Amazon Web Services is shaking up the AI chip wars with an unexpected alliance. The company announced it's integrating Cerebras Systems' massive CS-3 processors directly into AWS data centers, creating a hybrid inference platform that combines Cerebras silicon with AWS's homegrown Trainium chips. Customers will access the combined horsepower through Amazon Bedrock, AWS's managed service for deploying foundation models.
The partnership addresses what's become the AI industry's most expensive problem - inference costs. While training giant language models grabs headlines, actually running those models at scale devours compute resources and capital. Companies deploying chatbots, code assistants, and AI agents are discovering that inference expenses can dwarf initial training budgets. AWS is betting this Cerebras collaboration will undercut Nvidia H100-based solutions on both speed and price.

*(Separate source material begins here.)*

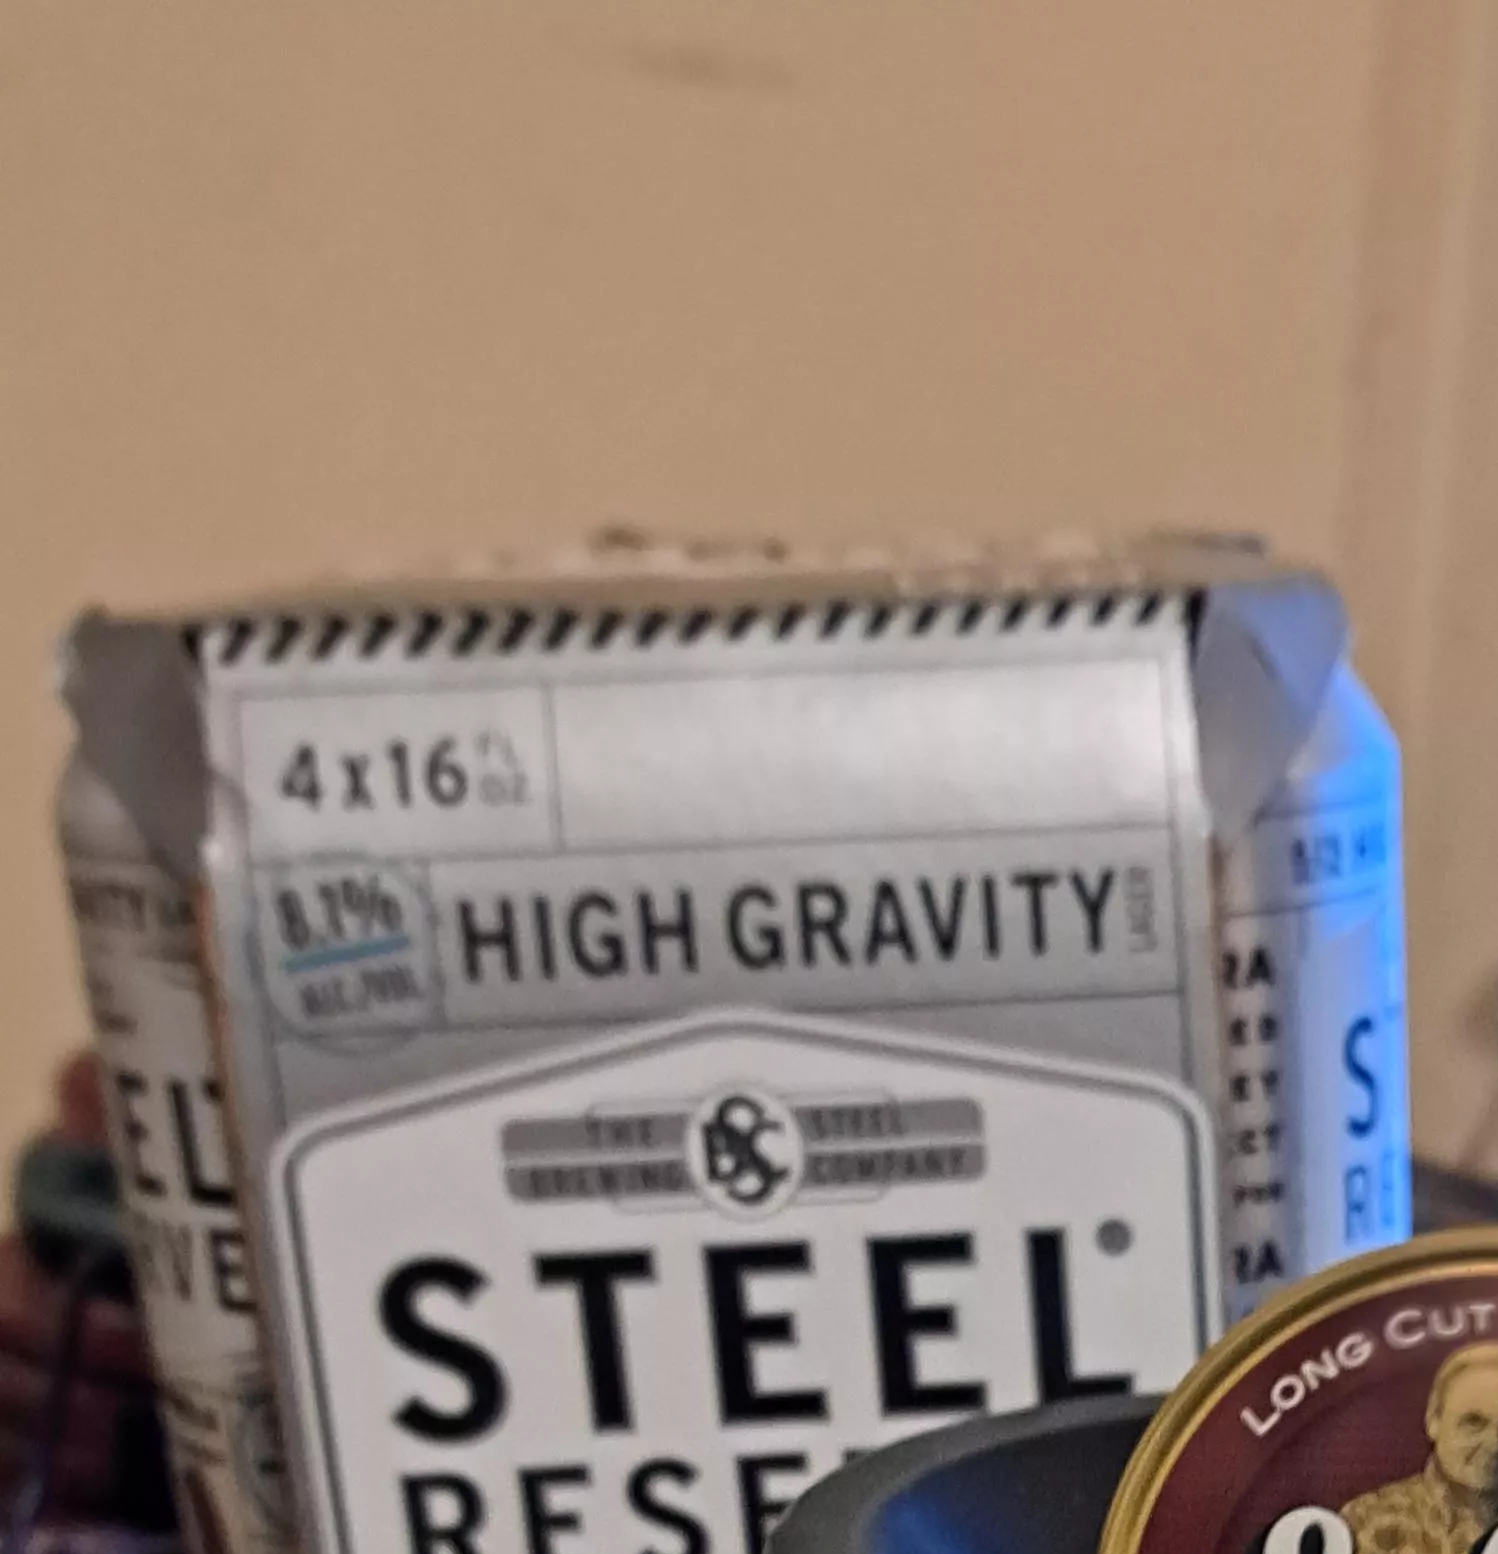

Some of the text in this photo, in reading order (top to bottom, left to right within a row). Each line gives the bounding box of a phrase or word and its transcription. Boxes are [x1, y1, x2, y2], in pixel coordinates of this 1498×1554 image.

Cerebras brings serious silicon credentials to the table. The company's CS-3 chip is famously massive - roughly the size of a dinner plate - and packs 900,000 AI cores onto a single wafer. That architecture contrasts sharply with traditional GPU clusters that stitch together hundreds of smaller chips. Cerebras has claimed record-breaking speeds for both training and inference, though enterprise adoption has lagged behind Nvidia's dominant position.